Try it
Without any pictures, the records below should be reproduced exactly.

Images for object localization:
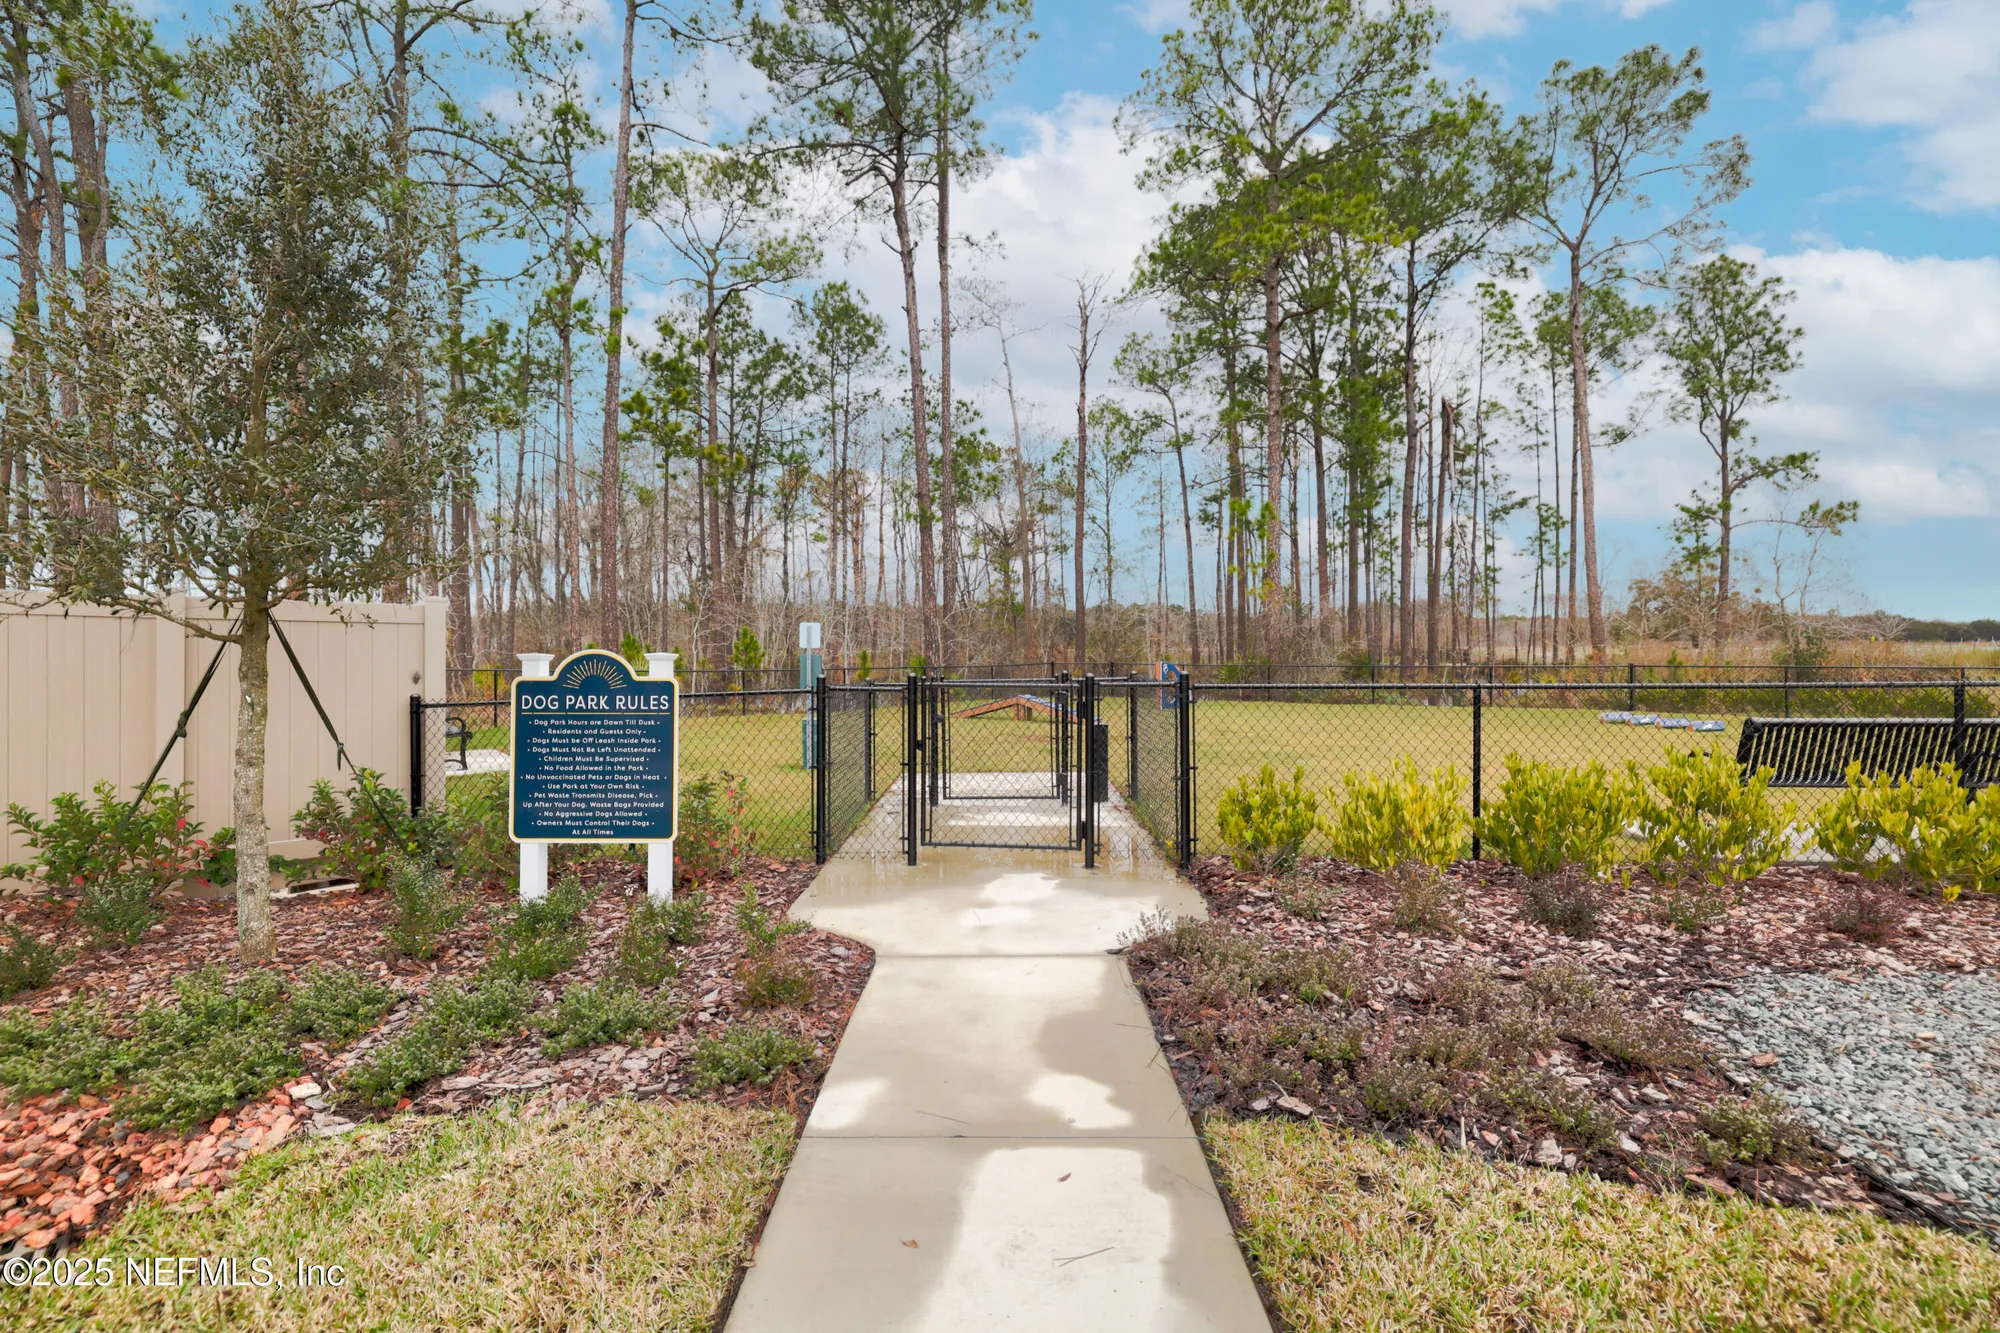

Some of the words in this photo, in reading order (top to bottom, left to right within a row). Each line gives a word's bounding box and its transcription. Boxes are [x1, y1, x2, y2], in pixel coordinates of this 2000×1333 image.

[521, 694, 558, 710] DOG
[566, 694, 609, 710] PARK
[616, 694, 669, 710] RULES
[534, 720, 548, 728] Dog
[626, 729, 641, 737] Only
[533, 738, 549, 746] Dogs
[533, 747, 549, 755] Dogs
[606, 756, 644, 764] Supervised
[615, 774, 631, 782] Dogs
[523, 802, 532, 810] Up
[572, 802, 587, 810] Dog.
[614, 802, 631, 810] Bags
[555, 811, 593, 819] Aggressive
[595, 811, 612, 819] Dogs
[632, 820, 649, 828] Dogs

Task output
Some of the words in this photo, in reading order (top to bottom, left to right within a row). Each line gives a word's bounding box and its transcription. Boxes are [x1, y1, x2, y2], in pixel coordinates of this 2000×1333 image.

[521, 694, 558, 710] DOG
[566, 694, 609, 710] PARK
[616, 694, 669, 710] RULES
[534, 720, 548, 728] Dog
[626, 729, 641, 737] Only
[533, 738, 549, 746] Dogs
[533, 747, 549, 755] Dogs
[606, 756, 644, 764] Supervised
[615, 774, 631, 782] Dogs
[523, 802, 532, 810] Up
[572, 802, 587, 810] Dog.
[614, 802, 631, 810] Bags
[555, 811, 593, 819] Aggressive
[595, 811, 612, 819] Dogs
[632, 820, 649, 828] Dogs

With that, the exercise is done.